発する息遣い一つ一つが、秋斉に自分の弱い部分を教えているようなものだった。

思わず秋斉の腕を掴んで小さな抵抗を試みるが、その手を片手に纏めらてすぐ頭上へと追いやられ、両手首を押さえ込まれた状態のまま、自分に向けられている妖艶な瞳を見つめた。

「…いいか?」
「あ、」

低く抑えたような声を耳にして、○○は瞳を潤ませながら小さく頷く。

まだ戸惑いの色を浮かべる○○の目蓋に口付けを落とし、秋斉は目を細めた。次いで、抑え込んでいた両腕を解放し体勢を変え、閉じられていた股の間に身体を割り込ませ、そっと覆い被さった。

「…あ、秋斉さん…」

今までの指とは違う圧迫感に身を震わせながらも、秋斉自身を受け入れて間もなく。

「…あ…ンッ…」

圧せられ、感じたことの無い痛みと快感に、○○は全身が痺れて行くのを感じた。

○○の真上。

秋斉は着物を諸肌脱ぎ、次いで完全に脱ぎ終わるとその辺に放った。

その抱擁に心を震わせながらも、いつの間にか律動を始めていた秋斉の首に手を回すと、ゆっくりだが、でも確実に自分の中で秋斉の動きは大きくなり、息遣いも激しいものへと変わっていく。

「んっ……ふ、…ン…っ」

徐々に、身を震わせるような感覚に支配されてゆき。絶え間なく、幾度も揺さぶられ、体ごと上へとずれ動いてしまう。

「あっ…きなり…さ…」

もう、自分がどんな声を発しているのか、どんな痴態を晒しているのかも分からないまま。

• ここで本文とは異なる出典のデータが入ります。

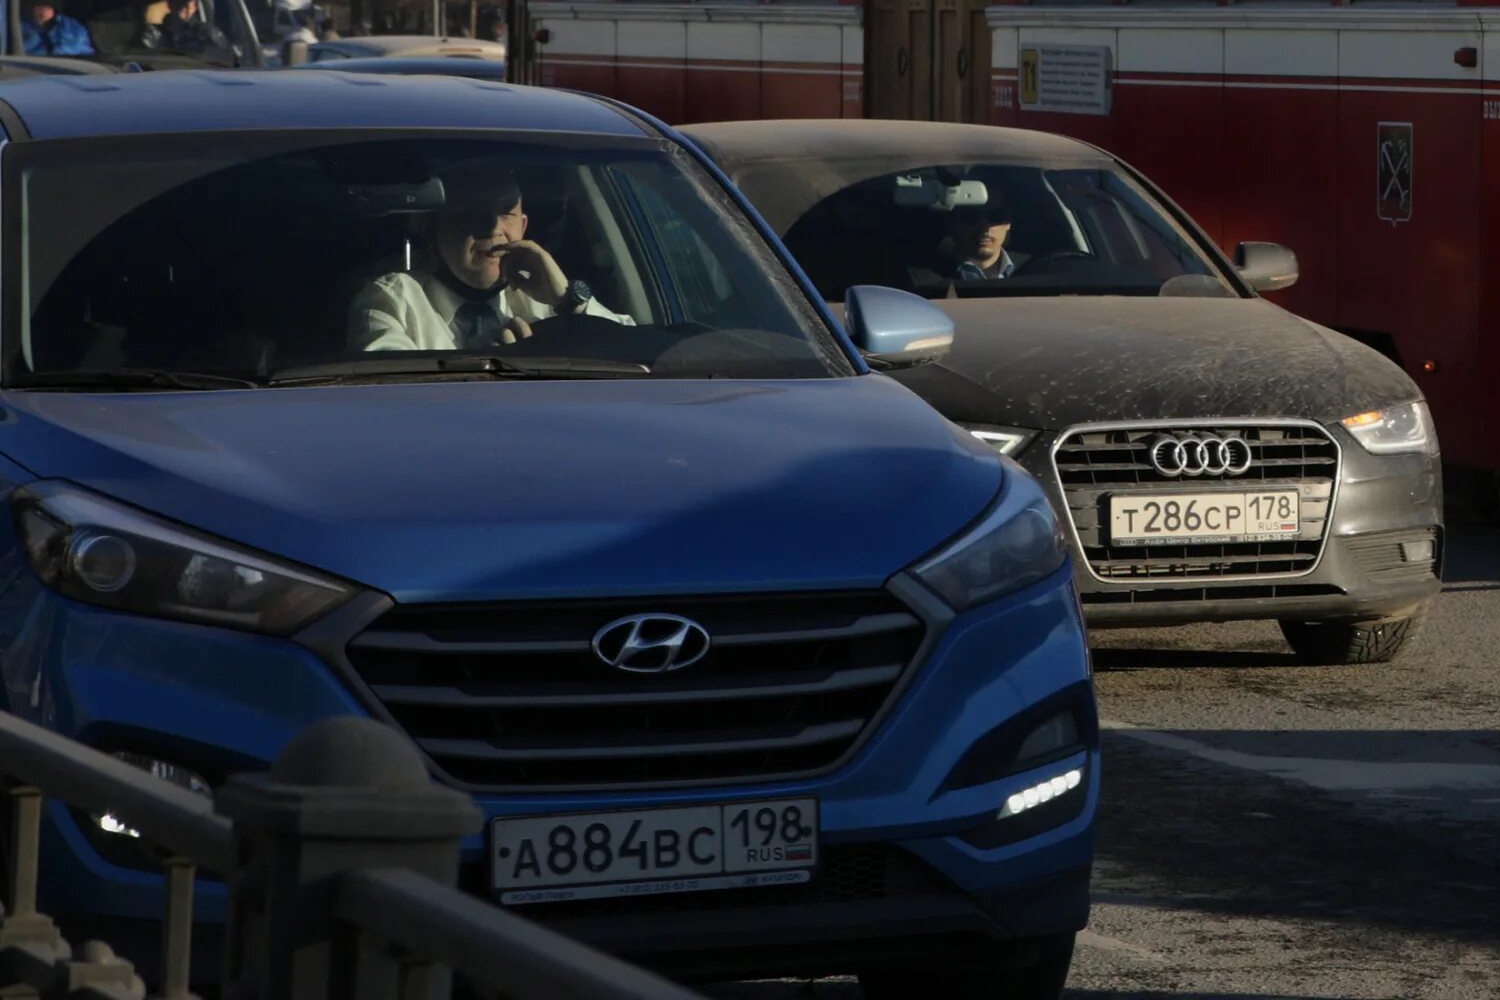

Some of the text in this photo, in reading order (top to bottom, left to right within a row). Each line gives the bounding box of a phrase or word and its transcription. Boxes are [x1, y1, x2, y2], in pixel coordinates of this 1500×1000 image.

[1122, 495, 1291, 533] Т286СР 178
[1258, 522, 1280, 531] RUS
[512, 805, 803, 879] А884ВС 198
[747, 847, 784, 863] RUS
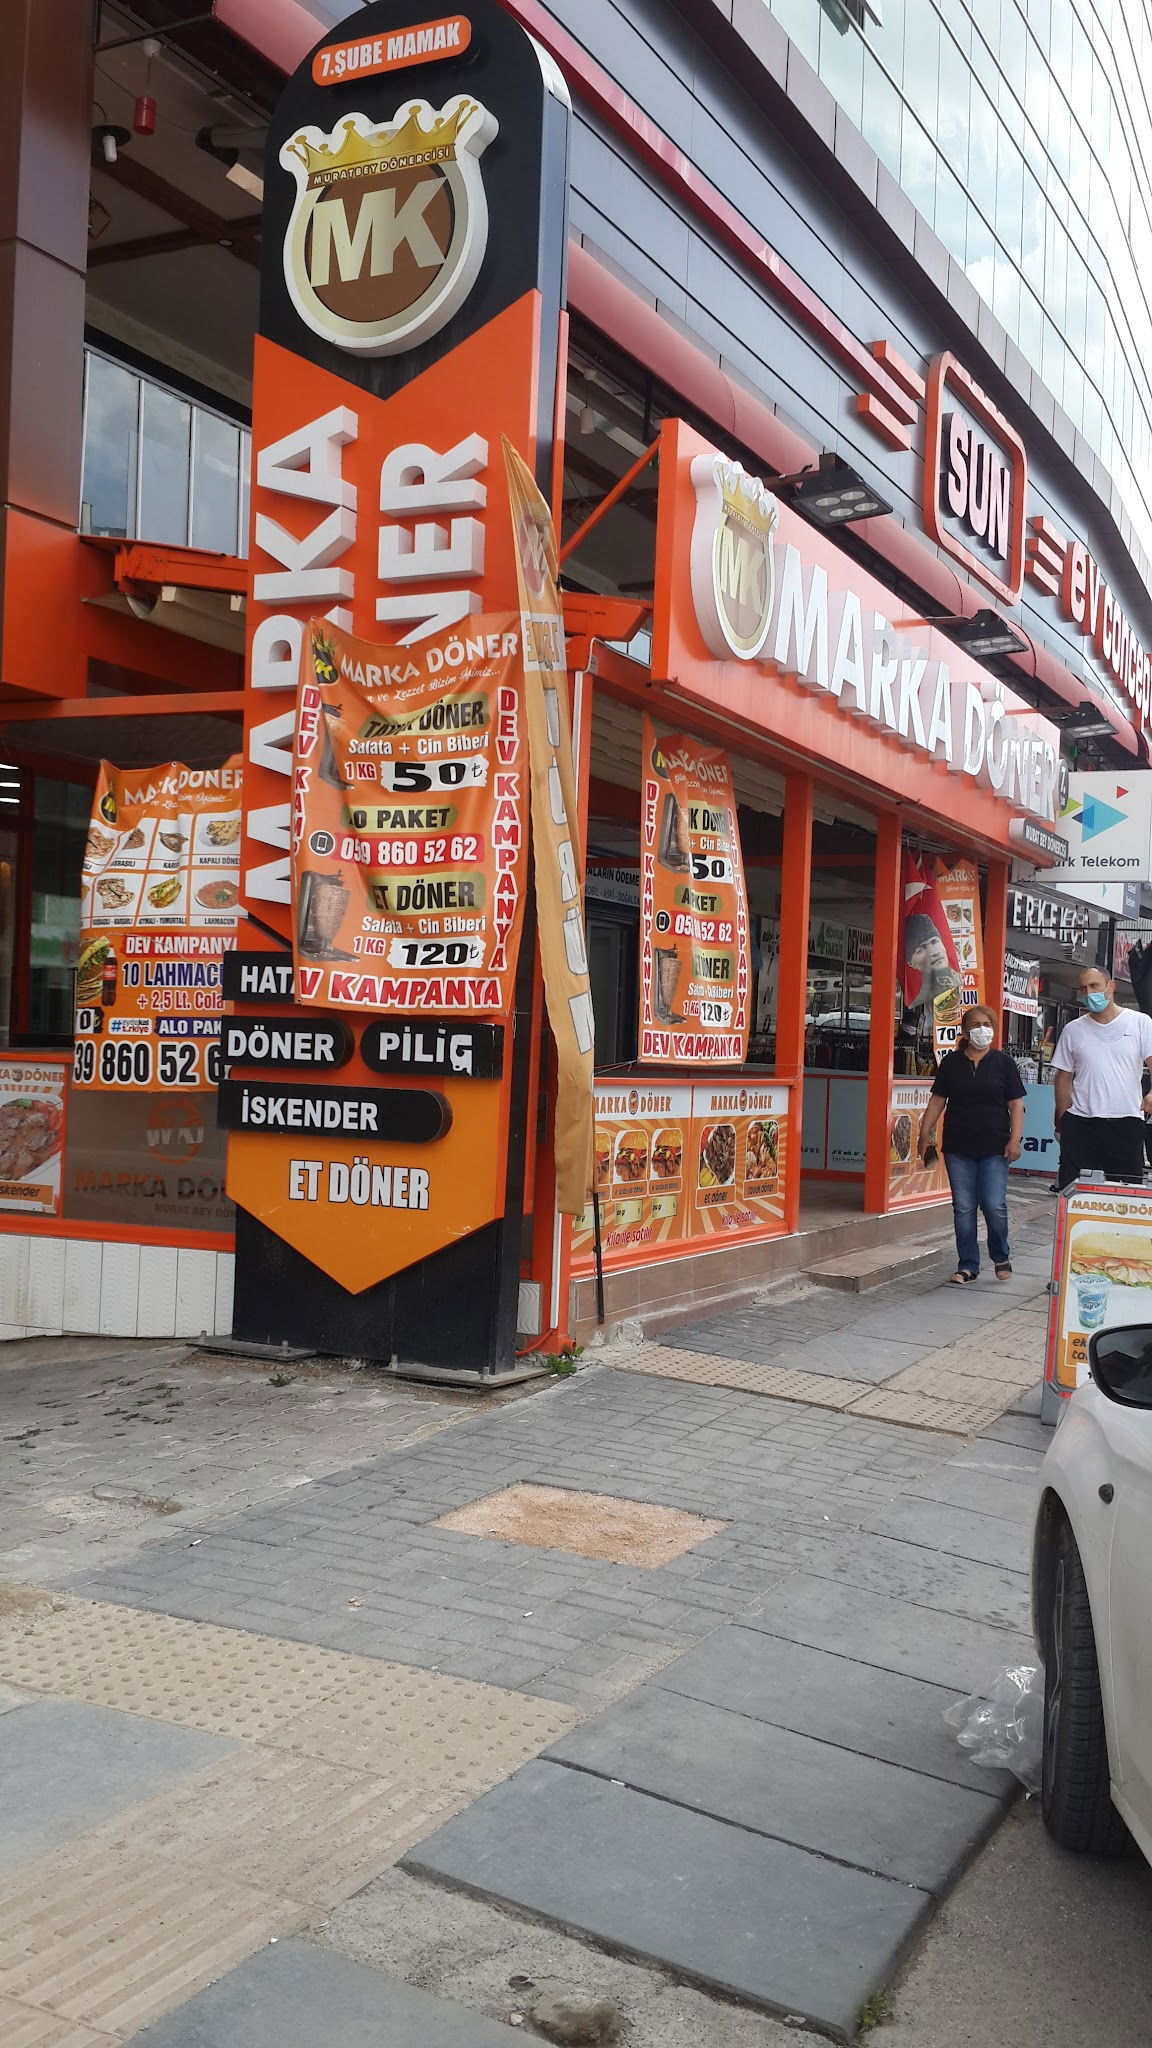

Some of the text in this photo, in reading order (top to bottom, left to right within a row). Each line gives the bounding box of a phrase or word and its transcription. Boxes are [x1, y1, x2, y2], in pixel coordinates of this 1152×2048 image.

[321, 22, 461, 77] 7.ŞUBE MAMAK
[314, 147, 449, 185] MURATBEY DÖNERCİSİ
[311, 177, 448, 287] MK
[947, 411, 1010, 560] SUN
[1070, 540, 1101, 636] ev
[340, 632, 518, 689] MARKA DÖNER
[773, 545, 953, 763] MARKA
[428, 676, 457, 692] Bizim
[298, 684, 322, 758] DEV
[419, 699, 485, 731] DÖNER
[496, 687, 520, 765] DEV
[417, 739, 442, 755] Cin
[447, 732, 489, 753] Biberi
[345, 763, 353, 780] 1
[357, 763, 377, 780] KG
[377, 808, 450, 829] PAKET
[645, 780, 659, 847] DEV
[378, 838, 418, 865] 860
[424, 838, 446, 863] 52
[450, 836, 478, 861] 62
[1080, 856, 1140, 867] Telekom
[488, 772, 521, 971] KAMPANYA
[396, 879, 475, 911] DÖNER
[418, 917, 439, 934] Cin
[443, 915, 487, 934] Biberi
[643, 853, 656, 1025] KAMPANYA
[719, 922, 732, 942] 62
[125, 935, 151, 954] DEV
[353, 936, 362, 953] 1
[365, 936, 386, 956] KG
[733, 873, 748, 1029] KAMPANYA
[122, 961, 223, 988] 10 LAHMAC
[240, 966, 292, 994] HAT
[330, 970, 502, 1008] KAMPANYA
[152, 990, 172, 1012] 2,5
[175, 990, 190, 1009] Lt.
[194, 990, 225, 1010] Cola
[159, 1020, 190, 1035] ALO
[193, 1020, 221, 1035] PAK
[227, 1025, 335, 1062] DÖNER
[642, 1030, 742, 1060] DEV KAMPANYA
[101, 1041, 152, 1084] 860
[158, 1042, 199, 1086] 52
[241, 1089, 378, 1132] İSKENDER
[640, 1092, 672, 1113] DÖNER
[711, 1091, 773, 1111] MARKA DÖNER
[289, 1156, 430, 1210] ET DÖNER
[1072, 1200, 1115, 1213] MARKA

やがて急速に、奥の方で何かが弾けるような感覚にとらわれるのを感じ、○○は秋斉の両腕に触れながらそれに耐えていた。

とうとう行灯の火が消え、漆黒の闇に包まれる中。

○○の体を鋭い痺れが駆け巡り、弾ける快感と同時により強く、腰を押し遣られた。

「あっ…ん…」

お互いの肌が重なり合い、温もりを分け合うと同時に限界を感じ始めるも、己の愛を必死に受け止めようとしている○○を、秋斉は心から愛しいと思うのだった。

「…ンッ…ん…」

下に敷かれたままの襦袢を力強く握り締め、その快感にひたすら耐えようと爪先を伸ばしてみれば、それに気付いた秋斉の優しい手が、○○の手を包み込む。

「秋斉さっ…好きですっ…もう、この手を…離さないでください…」
「もう、二度と…」

そして、二人はしばらく切なげな吐息を漏らし、背を逸らして弛緩する○○を見届けると、秋斉はそっと体を離し、文机の上に置いてあった懐紙の内に精を吐き出した。

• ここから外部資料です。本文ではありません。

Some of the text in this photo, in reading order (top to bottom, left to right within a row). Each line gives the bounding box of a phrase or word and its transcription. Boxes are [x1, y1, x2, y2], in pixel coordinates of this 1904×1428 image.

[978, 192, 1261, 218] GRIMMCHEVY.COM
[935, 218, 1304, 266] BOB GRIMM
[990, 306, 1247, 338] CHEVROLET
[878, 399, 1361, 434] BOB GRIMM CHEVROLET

気が遠くなる中、○○は畳の上に乱雑に敷かれていた着物を、力ない手で胸元に手繰り寄せ。薄れ行く意識の中で、息を弾ませながら浴衣を纏う、秋斉の姿をぼんやりと見やる。

秋斉は、着物を簡単に羽織ったままの状態で行灯に火を灯し、再び、ゆっくりと上体を起こす○○の隣りに腰を下ろすと、そっと肩を抱き寄せた。

「…あ、まだ私…」
「このままでいい」

着物で胸元を隠していただけの○○は、そっと着物を体に巻きつけ、秋斉の大きく開かれたままの胸元に寄り添う。

「こない乱されるとは…」
「秋斉さん…」
「…もう、離さへんよ」

そう言うと、秋斉は慈しむように抱きしめながら露わになったままの肩に口付けを落とした。

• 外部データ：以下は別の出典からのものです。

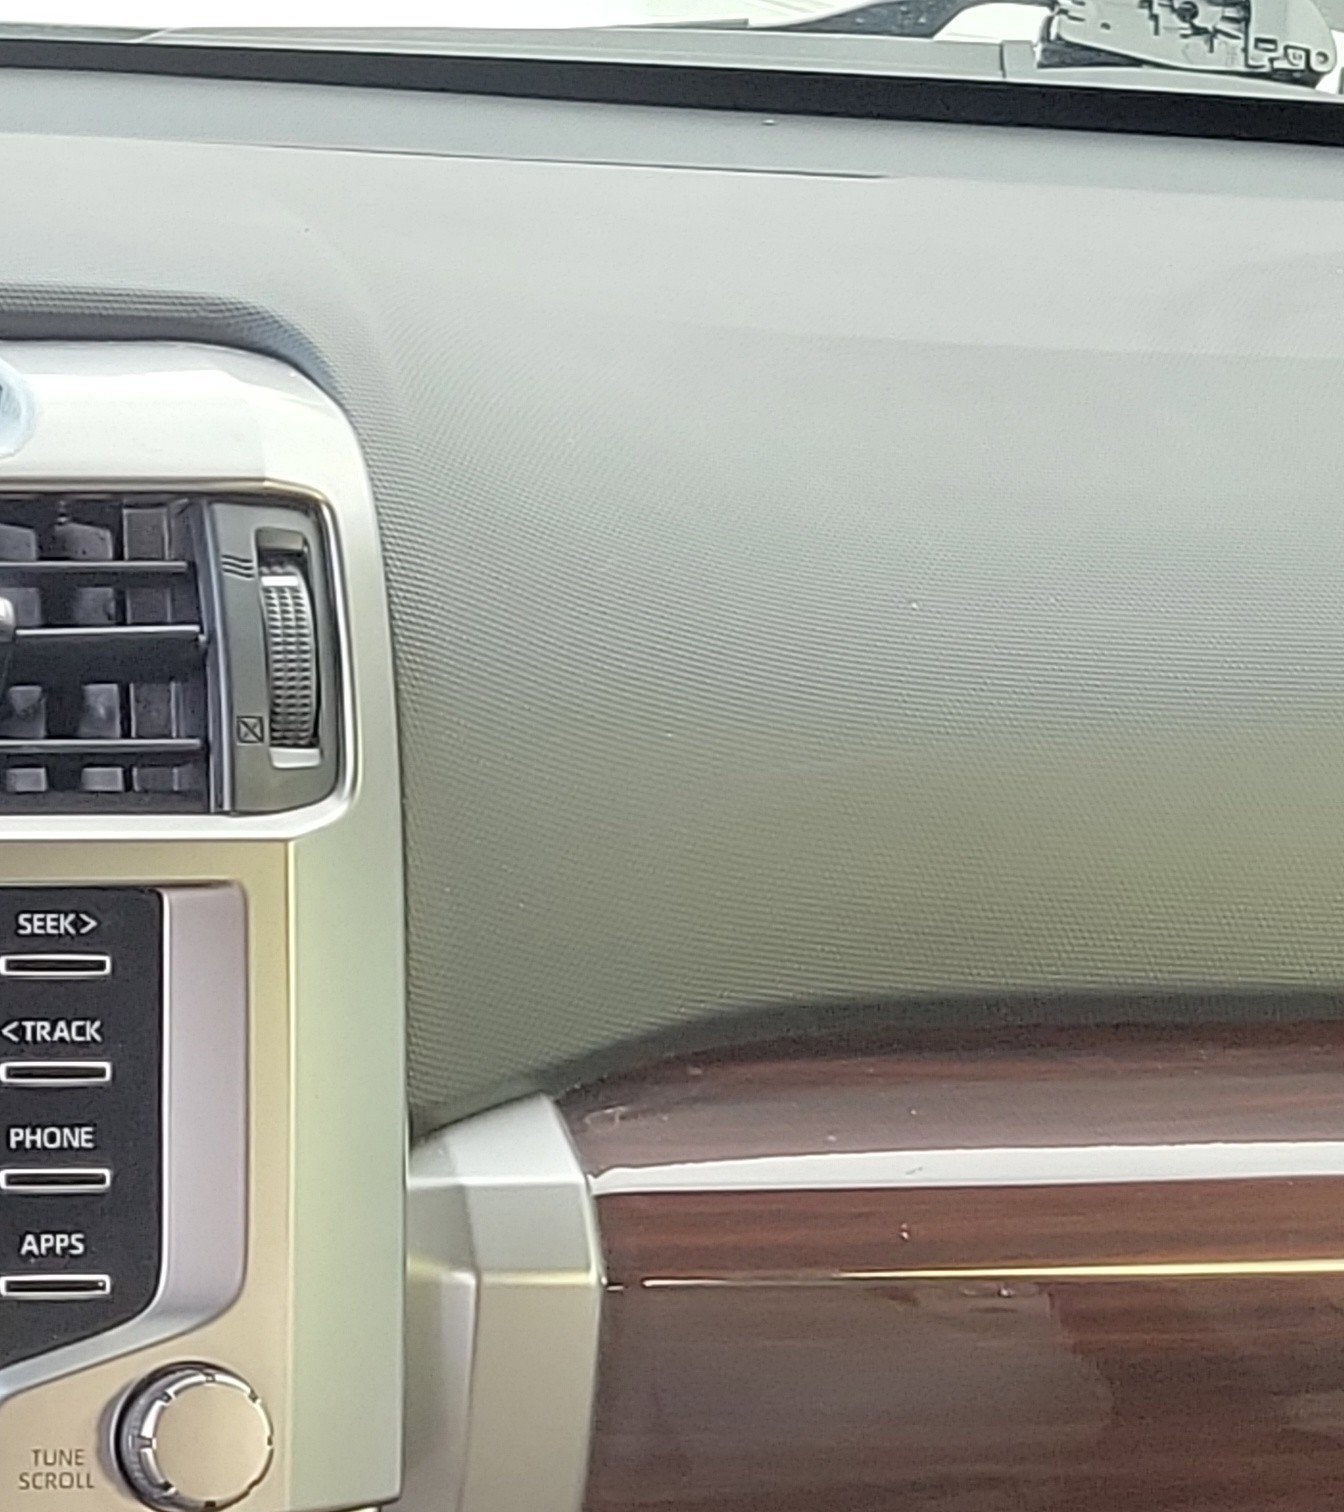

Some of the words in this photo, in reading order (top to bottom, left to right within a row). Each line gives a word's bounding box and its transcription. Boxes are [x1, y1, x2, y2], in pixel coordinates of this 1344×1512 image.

[9, 1126, 94, 1149] PHONE
[20, 1233, 85, 1256] APPS
[31, 1448, 85, 1467] TUNE
[18, 1471, 96, 1491] SCROLL

想いの数だけ口付けを交わし合い、触れ合い、分かち合う。

(…どんなことがあっても、この手だけは放してはならない。)

想い、想われ。
恋、焦がれ。

「この人の傍にいられるなら」と、想い。

「この子と共に生きたい」と、想う。

「この人の太陽でいたい」と、願い。

「月のようにこの子の寝顔を見守りたい」と、願う。

愛しさと切なさの中で、二人。

いつまでも、お互いの想いを感じ合っていた。